The Trump Administration is busy expanding the nation’s immigration prison archipelago. An internal DHS document reports that the Immigration and Customs Enforcement agency has already boosted its capacity by 1,100 beds available nightly. It is has identified an additional 21,000 beds that it could potentially tap. As I wrote last week, the Detention Watch Network has confirmed that ICE has secured agreements for over 2,000 beds in recent months and is currently negotiating for access to an additional 1,500 beds. Even before this increase, ICE already operated an enormous prison estate. For years it has kept at least 34,000 beds at its disposal.
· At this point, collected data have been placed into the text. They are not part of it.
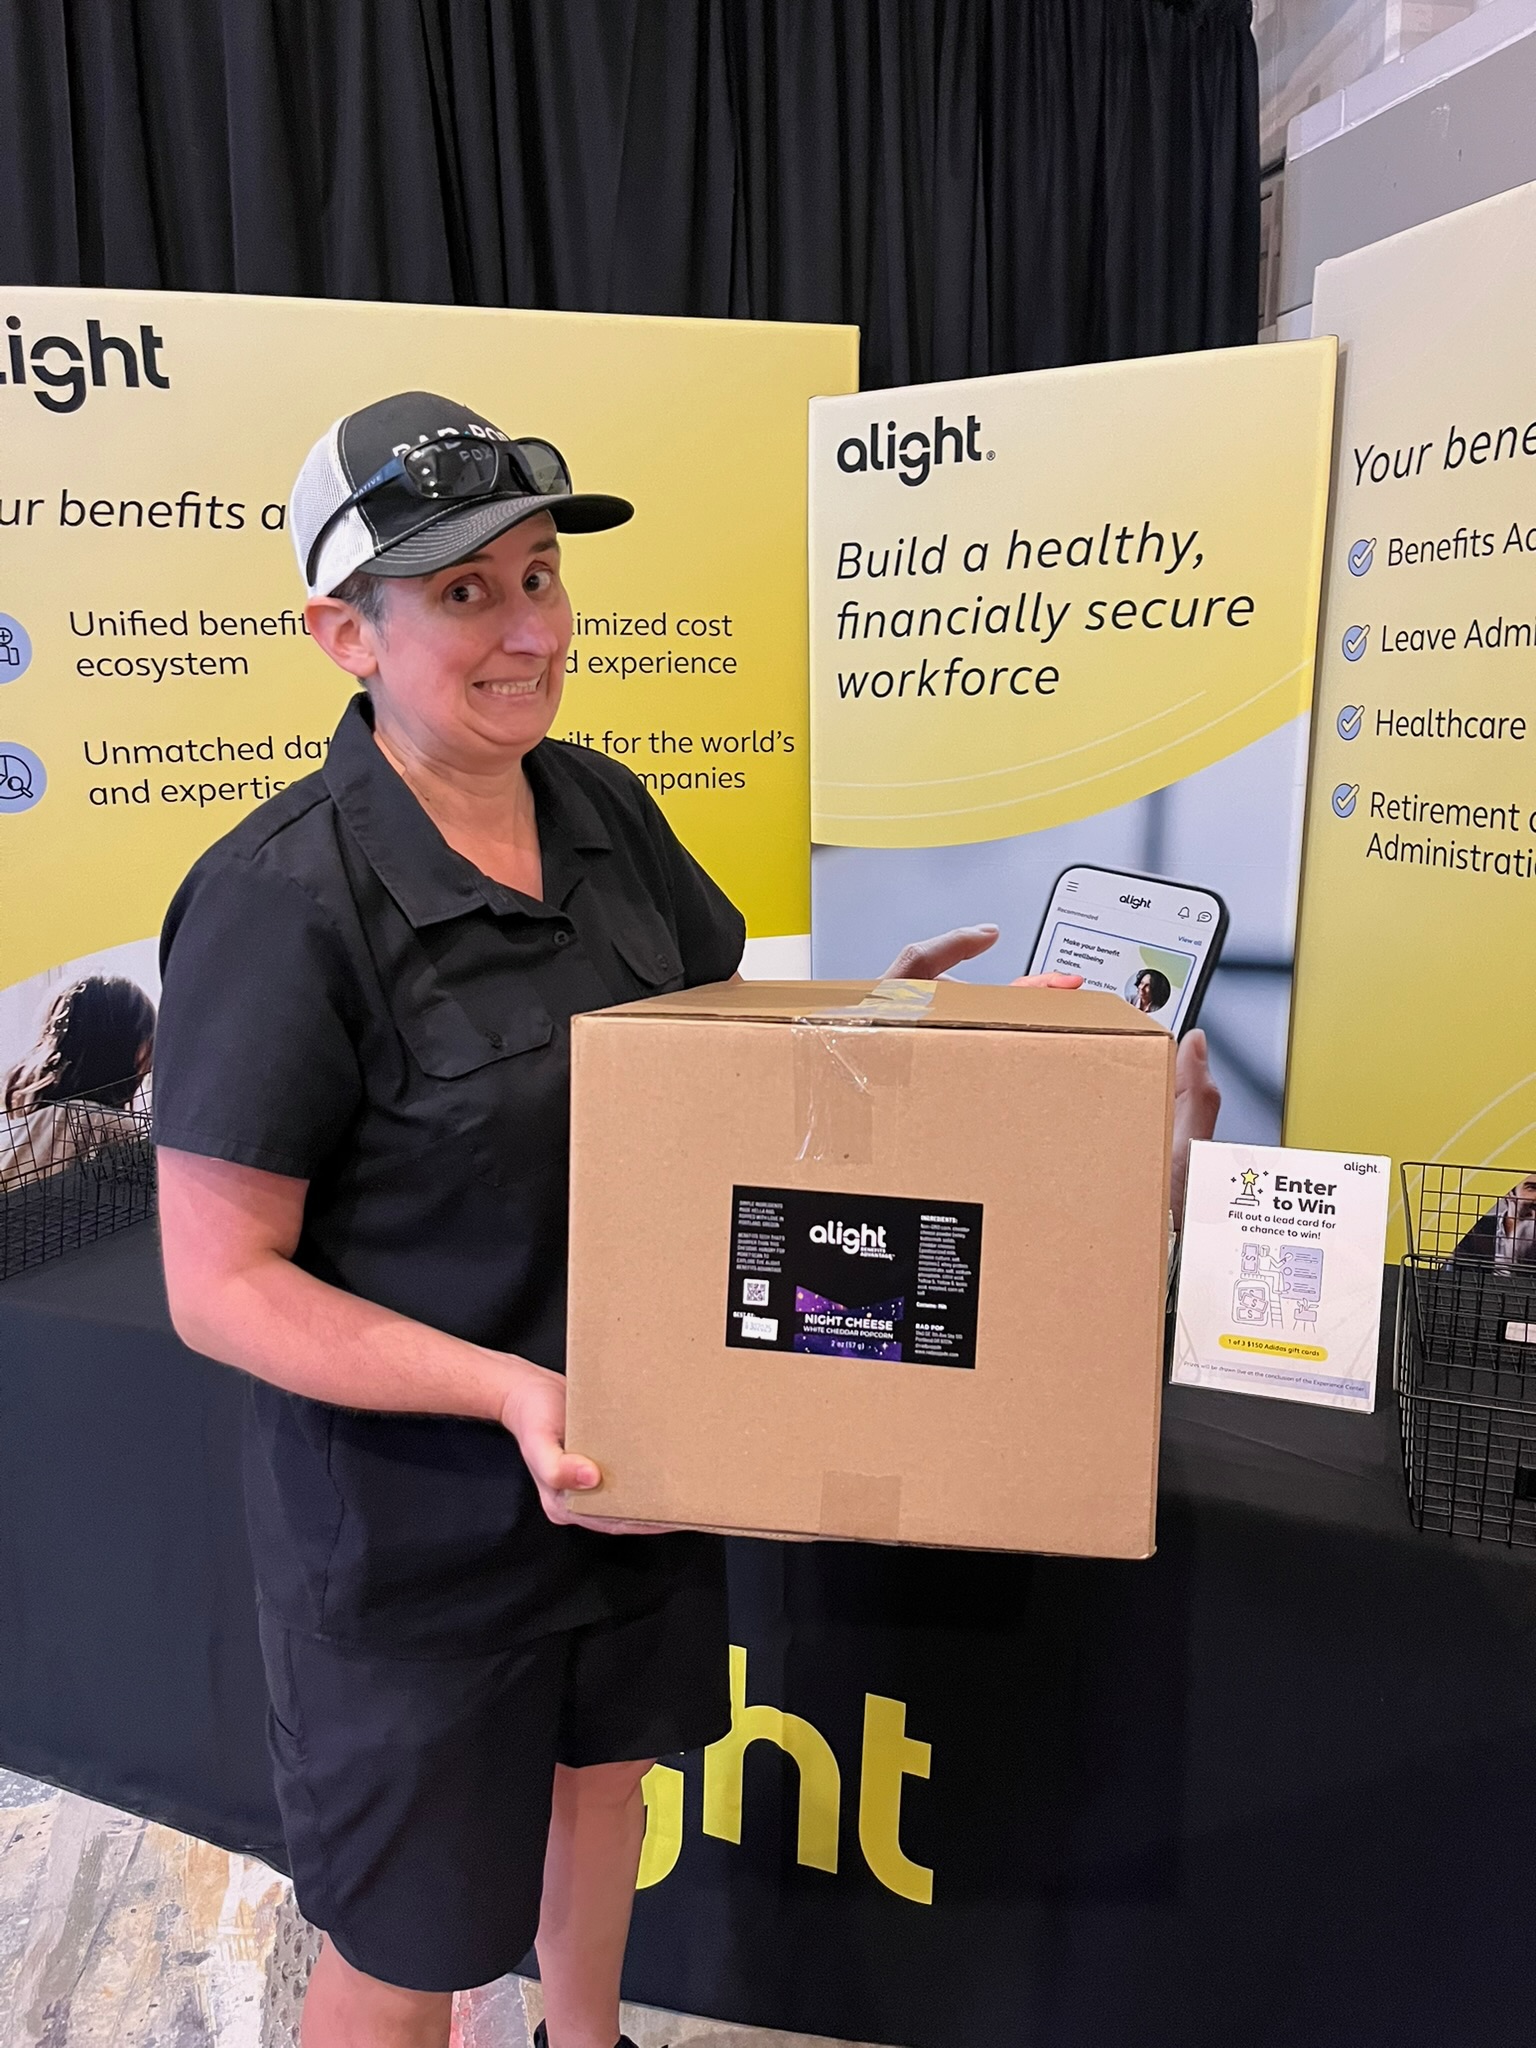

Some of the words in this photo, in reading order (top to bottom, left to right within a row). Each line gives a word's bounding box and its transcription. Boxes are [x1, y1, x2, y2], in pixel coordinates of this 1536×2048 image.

[0, 315, 170, 413] ight
[1354, 442, 1433, 486] Your
[1443, 421, 1536, 470] bene
[352, 475, 381, 500] NATIVE
[59, 488, 246, 530] benefits
[836, 534, 949, 580] Build
[963, 541, 989, 572] a
[1006, 520, 1205, 576] healthy,
[1388, 528, 1495, 567] Benefits
[69, 610, 188, 637] Unified
[572, 612, 667, 636] imized
[676, 615, 733, 637] cost
[837, 592, 1071, 644] financially
[1084, 594, 1256, 631] secure
[1381, 625, 1456, 652] Leave
[75, 652, 249, 683] ecosystem
[588, 651, 738, 680] experience
[837, 657, 1060, 699] workforce
[1376, 708, 1526, 740] Healthcare
[83, 735, 274, 765] Unmatched
[602, 730, 641, 754] for
[648, 730, 693, 754] the
[701, 730, 795, 753] world's
[89, 779, 150, 806] and
[160, 775, 296, 808] expertis
[1370, 791, 1520, 832] Retirement
[1366, 832, 1536, 878] Administrati
[1057, 907, 1099, 921] Recommended
[1119, 894, 1151, 909] alight
[1063, 937, 1081, 947] Make
[1081, 943, 1096, 951] your
[1096, 946, 1120, 957] benefit
[1178, 936, 1193, 944] View
[1060, 948, 1073, 956] and
[1073, 951, 1104, 965] wellbeing
[1087, 980, 1103, 988] ends
[1275, 1175, 1337, 1196] Enter
[1273, 1197, 1293, 1211] to
[1298, 1199, 1336, 1215] Win
[1228, 1210, 1243, 1220] Fill
[1245, 1214, 1262, 1222] out
[1273, 1214, 1295, 1225] lead
[1297, 1218, 1319, 1228] card
[1322, 1220, 1336, 1229] for
[1249, 1225, 1285, 1236] chance
[1287, 1229, 1298, 1237] to
[1300, 1231, 1321, 1240] win!
[809, 1220, 887, 1255] alight
[804, 1314, 843, 1326] NIGHT
[844, 1317, 893, 1331] CHEESE
[826, 1327, 859, 1336] CHEDDAR
[860, 1330, 893, 1339] POPCORN
[1264, 1344, 1287, 1352] Adidas
[1265, 1373, 1294, 1381] conclusion
[1313, 1380, 1344, 1389] Experience
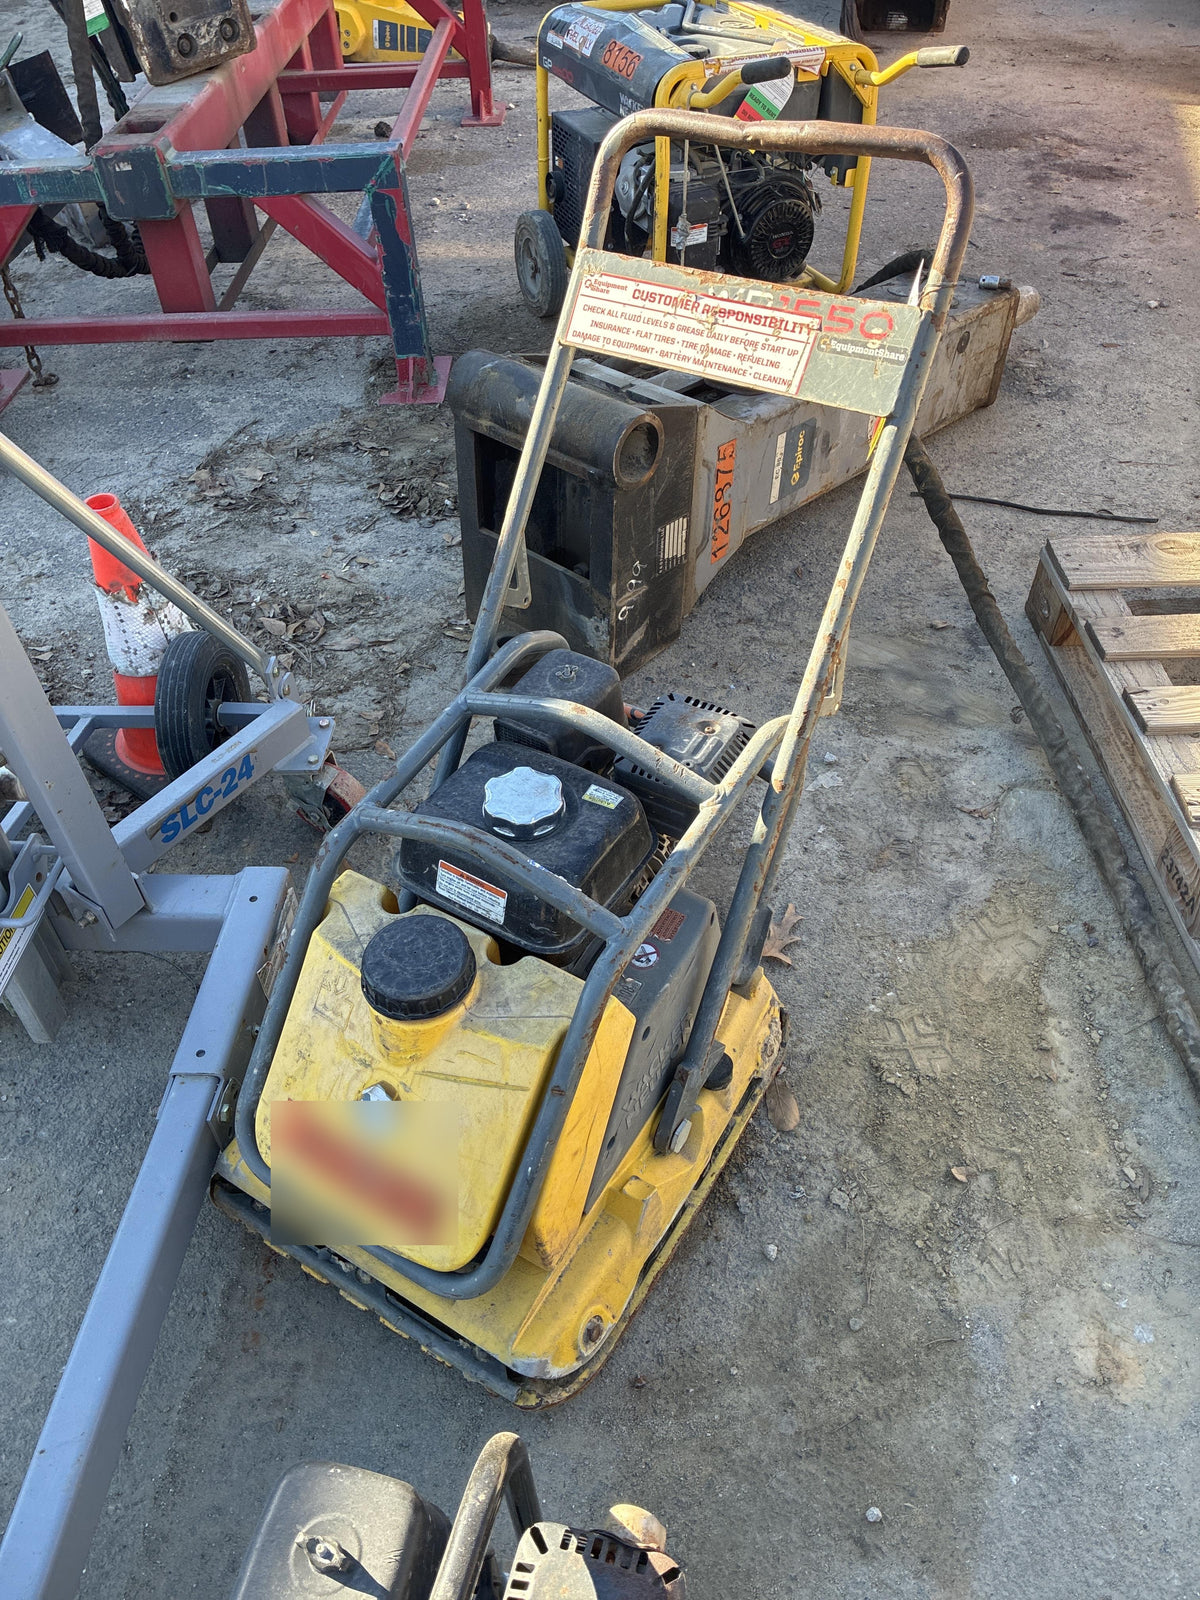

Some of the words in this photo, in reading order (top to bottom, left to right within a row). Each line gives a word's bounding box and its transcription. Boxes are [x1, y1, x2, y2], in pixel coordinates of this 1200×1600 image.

Despite claims by the Supreme Court and ICE officials that ICE confinement is not punitive, detention under ICE’s control often brings horrific consequences. Access to medical care is lamentable. Children are traumatized. Sexual abuse remains a problem. And people die. From 2004 to 2014, at least 144 people died in ICE’s custody.

According to an analysis of ICE death reports, over thirteen percent of these deaths resulted from suicide. Another seventy-four percent resulted from an identifiable medical problem. The reports authors note that deaths declined over the ten-year period analyzed, but they could not identify a single cause. Perhaps fewer people died because ICE improved the medical care it provides or perhaps shifts in enforcement practices simply shifted deaths away from ICE and toward other governmental units like the Border Patrol, state prisons, or county jails.

Recent reports about ICE deaths suggest there is reason to remain vigilant for an uptick. Earlier this spring, two people died in a single ICE contracted facility within a three-week period. At least six people have died in ICE custody since October 1, 2016.